START SOURCE MATERIAL

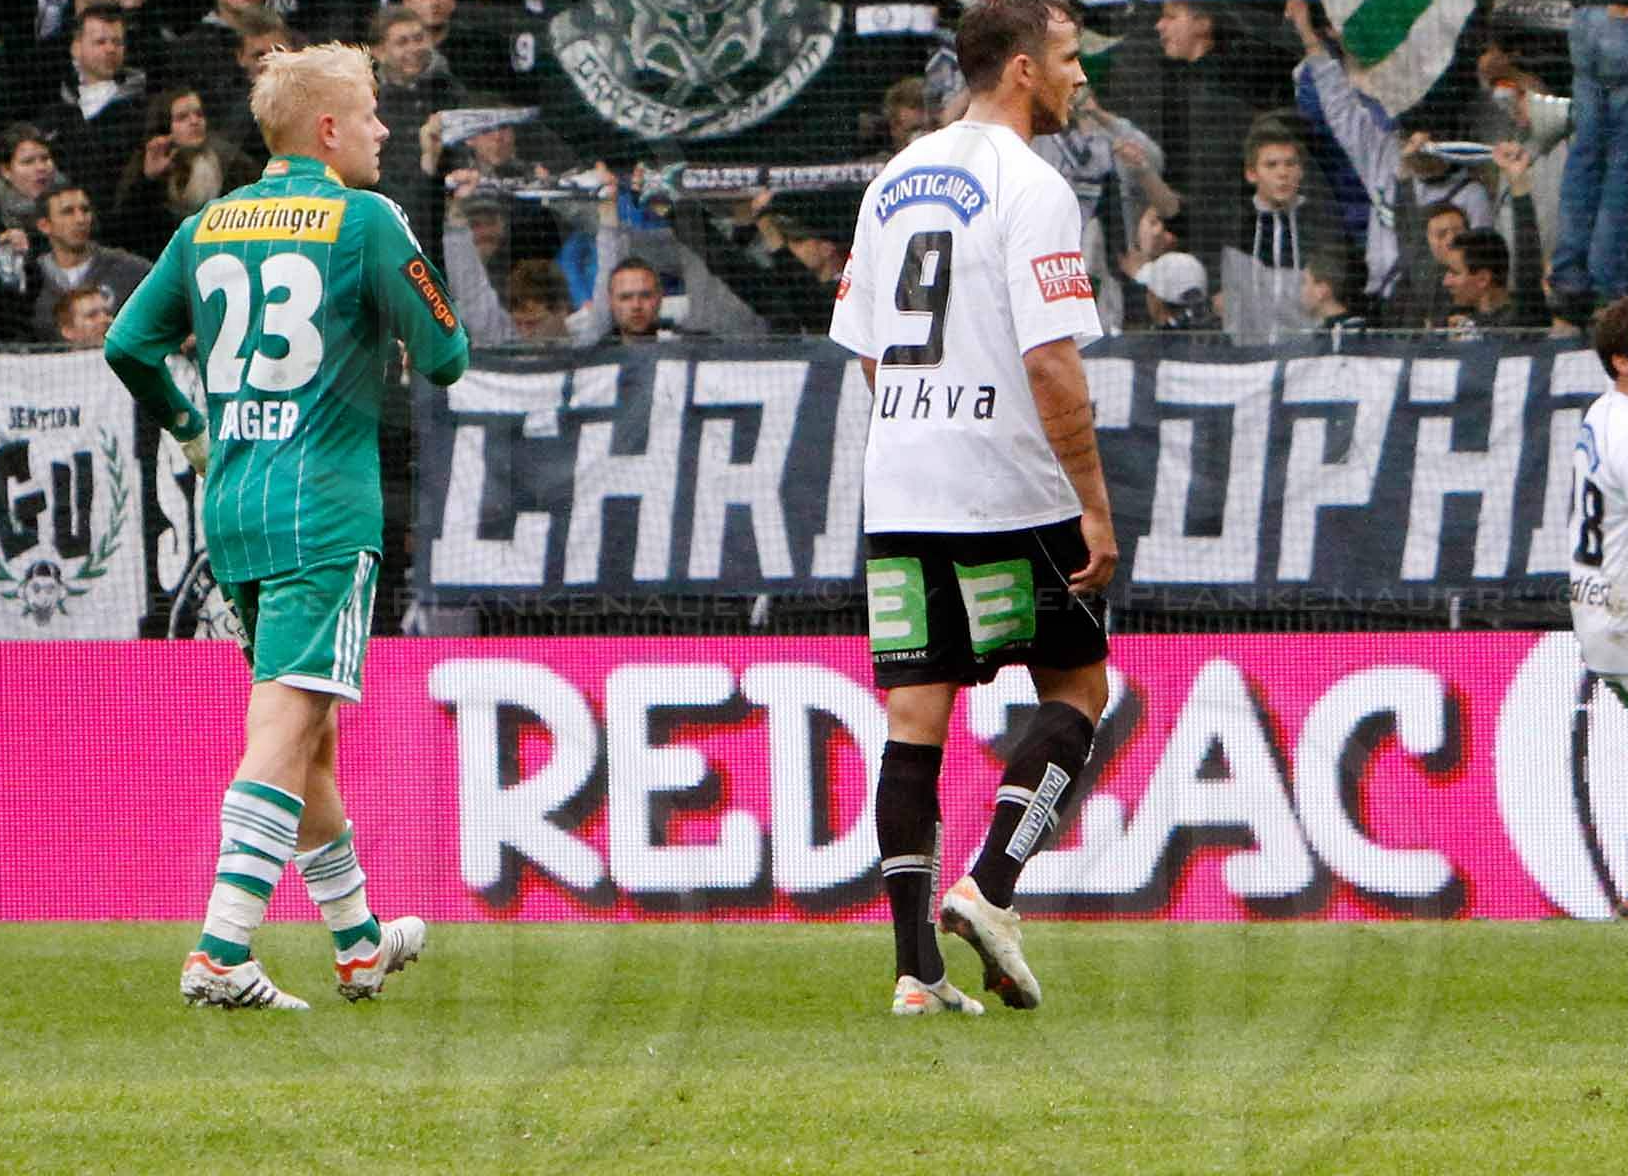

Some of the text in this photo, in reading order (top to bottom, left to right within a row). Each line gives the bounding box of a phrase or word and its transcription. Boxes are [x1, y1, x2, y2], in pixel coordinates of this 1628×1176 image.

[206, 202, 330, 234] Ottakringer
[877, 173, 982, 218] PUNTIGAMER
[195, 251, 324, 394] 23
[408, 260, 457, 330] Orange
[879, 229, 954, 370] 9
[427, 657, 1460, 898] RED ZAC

END SOURCE MATERIAL

Transcribe each line above exactly, pictures excluded.

Some of the text in this photo, in reading order (top to bottom, left to right within a row). Each line gives the bounding box of a phrase or word and its transcription. Boxes are [x1, y1, x2, y2], in pixel coordinates of this 1628×1176 image.

[206, 202, 330, 234] Ottakringer
[877, 173, 982, 218] PUNTIGAMER
[195, 251, 324, 394] 23
[408, 260, 457, 330] Orange
[879, 229, 954, 370] 9
[427, 657, 1460, 898] RED ZAC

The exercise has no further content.